%%

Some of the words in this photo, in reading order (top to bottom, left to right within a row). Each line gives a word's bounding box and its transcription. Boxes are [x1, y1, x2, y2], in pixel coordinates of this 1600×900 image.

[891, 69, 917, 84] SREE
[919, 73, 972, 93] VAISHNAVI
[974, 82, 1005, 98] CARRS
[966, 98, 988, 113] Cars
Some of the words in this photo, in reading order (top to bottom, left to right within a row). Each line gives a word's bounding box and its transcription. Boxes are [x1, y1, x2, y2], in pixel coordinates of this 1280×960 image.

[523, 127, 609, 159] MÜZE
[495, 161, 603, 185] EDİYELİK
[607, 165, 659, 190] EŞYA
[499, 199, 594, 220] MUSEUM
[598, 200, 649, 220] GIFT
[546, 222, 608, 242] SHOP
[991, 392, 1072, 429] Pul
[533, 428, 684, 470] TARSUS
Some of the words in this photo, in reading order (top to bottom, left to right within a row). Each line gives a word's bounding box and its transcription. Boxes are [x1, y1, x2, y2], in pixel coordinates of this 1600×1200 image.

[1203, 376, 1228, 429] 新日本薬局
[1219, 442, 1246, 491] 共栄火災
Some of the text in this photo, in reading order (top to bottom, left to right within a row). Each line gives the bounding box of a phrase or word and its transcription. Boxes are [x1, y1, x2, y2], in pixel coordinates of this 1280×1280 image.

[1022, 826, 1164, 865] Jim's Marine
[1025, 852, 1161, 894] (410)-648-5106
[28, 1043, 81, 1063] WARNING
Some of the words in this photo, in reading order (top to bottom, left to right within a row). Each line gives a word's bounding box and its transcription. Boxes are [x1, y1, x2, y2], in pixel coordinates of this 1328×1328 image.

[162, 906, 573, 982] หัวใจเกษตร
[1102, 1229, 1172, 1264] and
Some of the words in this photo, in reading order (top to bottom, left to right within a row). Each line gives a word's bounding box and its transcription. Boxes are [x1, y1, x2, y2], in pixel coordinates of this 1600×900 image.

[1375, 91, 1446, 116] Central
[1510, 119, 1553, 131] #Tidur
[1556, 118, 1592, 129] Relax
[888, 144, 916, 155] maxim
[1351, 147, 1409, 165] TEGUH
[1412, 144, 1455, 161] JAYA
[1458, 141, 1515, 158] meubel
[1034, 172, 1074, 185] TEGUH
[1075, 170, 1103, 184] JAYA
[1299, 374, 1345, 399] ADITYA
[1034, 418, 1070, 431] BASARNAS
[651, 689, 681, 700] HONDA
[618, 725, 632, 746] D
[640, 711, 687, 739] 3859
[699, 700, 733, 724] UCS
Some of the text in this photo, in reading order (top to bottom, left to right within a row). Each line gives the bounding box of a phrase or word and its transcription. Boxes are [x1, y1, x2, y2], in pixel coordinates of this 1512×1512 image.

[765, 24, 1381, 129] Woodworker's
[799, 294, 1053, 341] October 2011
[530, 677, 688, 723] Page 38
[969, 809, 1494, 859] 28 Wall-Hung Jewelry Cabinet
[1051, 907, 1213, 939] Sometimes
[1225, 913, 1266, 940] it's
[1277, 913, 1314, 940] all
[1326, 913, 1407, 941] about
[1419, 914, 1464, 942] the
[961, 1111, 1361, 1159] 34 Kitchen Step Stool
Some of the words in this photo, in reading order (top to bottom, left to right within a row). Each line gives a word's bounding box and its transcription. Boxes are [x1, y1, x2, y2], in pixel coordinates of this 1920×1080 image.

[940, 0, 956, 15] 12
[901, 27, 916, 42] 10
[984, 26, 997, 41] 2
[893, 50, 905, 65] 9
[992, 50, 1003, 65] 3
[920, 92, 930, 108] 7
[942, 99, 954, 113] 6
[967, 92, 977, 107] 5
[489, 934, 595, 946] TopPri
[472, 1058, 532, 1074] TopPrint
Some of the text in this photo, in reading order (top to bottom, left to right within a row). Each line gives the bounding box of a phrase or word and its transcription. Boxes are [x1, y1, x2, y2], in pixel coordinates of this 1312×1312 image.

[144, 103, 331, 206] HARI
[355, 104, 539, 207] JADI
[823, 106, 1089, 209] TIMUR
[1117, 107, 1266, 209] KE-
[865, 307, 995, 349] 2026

%%

AIM OF THE EXERCISE: Would you output every entry exactly as it was written?

TASK RESULT:
Some of the words in this photo, in reading order (top to bottom, left to right within a row). Each line gives a word's bounding box and its transcription. Boxes are [x1, y1, x2, y2], in pixel coordinates of this 1600×900 image.

[891, 69, 917, 84] SREE
[919, 73, 972, 93] VAISHNAVI
[974, 82, 1005, 98] CARRS
[966, 98, 988, 113] Cars
Some of the words in this photo, in reading order (top to bottom, left to right within a row). Each line gives a word's bounding box and its transcription. Boxes are [x1, y1, x2, y2], in pixel coordinates of this 1280×960 image.

[523, 127, 609, 159] MÜZE
[495, 161, 603, 185] EDİYELİK
[607, 165, 659, 190] EŞYA
[499, 199, 594, 220] MUSEUM
[598, 200, 649, 220] GIFT
[546, 222, 608, 242] SHOP
[991, 392, 1072, 429] Pul
[533, 428, 684, 470] TARSUS
Some of the words in this photo, in reading order (top to bottom, left to right within a row). Each line gives a word's bounding box and its transcription. Boxes are [x1, y1, x2, y2], in pixel coordinates of this 1600×1200 image.

[1203, 376, 1228, 429] 新日本薬局
[1219, 442, 1246, 491] 共栄火災
Some of the text in this photo, in reading order (top to bottom, left to right within a row). Each line gives the bounding box of a phrase or word and its transcription. Boxes are [x1, y1, x2, y2], in pixel coordinates of this 1280×1280 image.

[1022, 826, 1164, 865] Jim's Marine
[1025, 852, 1161, 894] (410)-648-5106
[28, 1043, 81, 1063] WARNING
Some of the words in this photo, in reading order (top to bottom, left to right within a row). Each line gives a word's bounding box and its transcription. Boxes are [x1, y1, x2, y2], in pixel coordinates of this 1328×1328 image.

[162, 906, 573, 982] หัวใจเกษตร
[1102, 1229, 1172, 1264] and
Some of the words in this photo, in reading order (top to bottom, left to right within a row). Each line gives a word's bounding box and its transcription. Boxes are [x1, y1, x2, y2], in pixel coordinates of this 1600×900 image.

[1375, 91, 1446, 116] Central
[1510, 119, 1553, 131] #Tidur
[1556, 118, 1592, 129] Relax
[888, 144, 916, 155] maxim
[1351, 147, 1409, 165] TEGUH
[1412, 144, 1455, 161] JAYA
[1458, 141, 1515, 158] meubel
[1034, 172, 1074, 185] TEGUH
[1075, 170, 1103, 184] JAYA
[1299, 374, 1345, 399] ADITYA
[1034, 418, 1070, 431] BASARNAS
[651, 689, 681, 700] HONDA
[618, 725, 632, 746] D
[640, 711, 687, 739] 3859
[699, 700, 733, 724] UCS
Some of the text in this photo, in reading order (top to bottom, left to right within a row). Each line gives the bounding box of a phrase or word and its transcription. Boxes are [x1, y1, x2, y2], in pixel coordinates of this 1512×1512 image.

[765, 24, 1381, 129] Woodworker's
[799, 294, 1053, 341] October 2011
[530, 677, 688, 723] Page 38
[969, 809, 1494, 859] 28 Wall-Hung Jewelry Cabinet
[1051, 907, 1213, 939] Sometimes
[1225, 913, 1266, 940] it's
[1277, 913, 1314, 940] all
[1326, 913, 1407, 941] about
[1419, 914, 1464, 942] the
[961, 1111, 1361, 1159] 34 Kitchen Step Stool
Some of the words in this photo, in reading order (top to bottom, left to right within a row). Each line gives a word's bounding box and its transcription. Boxes are [x1, y1, x2, y2], in pixel coordinates of this 1920×1080 image.

[940, 0, 956, 15] 12
[901, 27, 916, 42] 10
[984, 26, 997, 41] 2
[893, 50, 905, 65] 9
[992, 50, 1003, 65] 3
[920, 92, 930, 108] 7
[942, 99, 954, 113] 6
[967, 92, 977, 107] 5
[489, 934, 595, 946] TopPri
[472, 1058, 532, 1074] TopPrint
Some of the text in this photo, in reading order (top to bottom, left to right within a row). Each line gives the bounding box of a phrase or word and its transcription. Boxes are [x1, y1, x2, y2], in pixel coordinates of this 1312×1312 image.

[144, 103, 331, 206] HARI
[355, 104, 539, 207] JADI
[823, 106, 1089, 209] TIMUR
[1117, 107, 1266, 209] KE-
[865, 307, 995, 349] 2026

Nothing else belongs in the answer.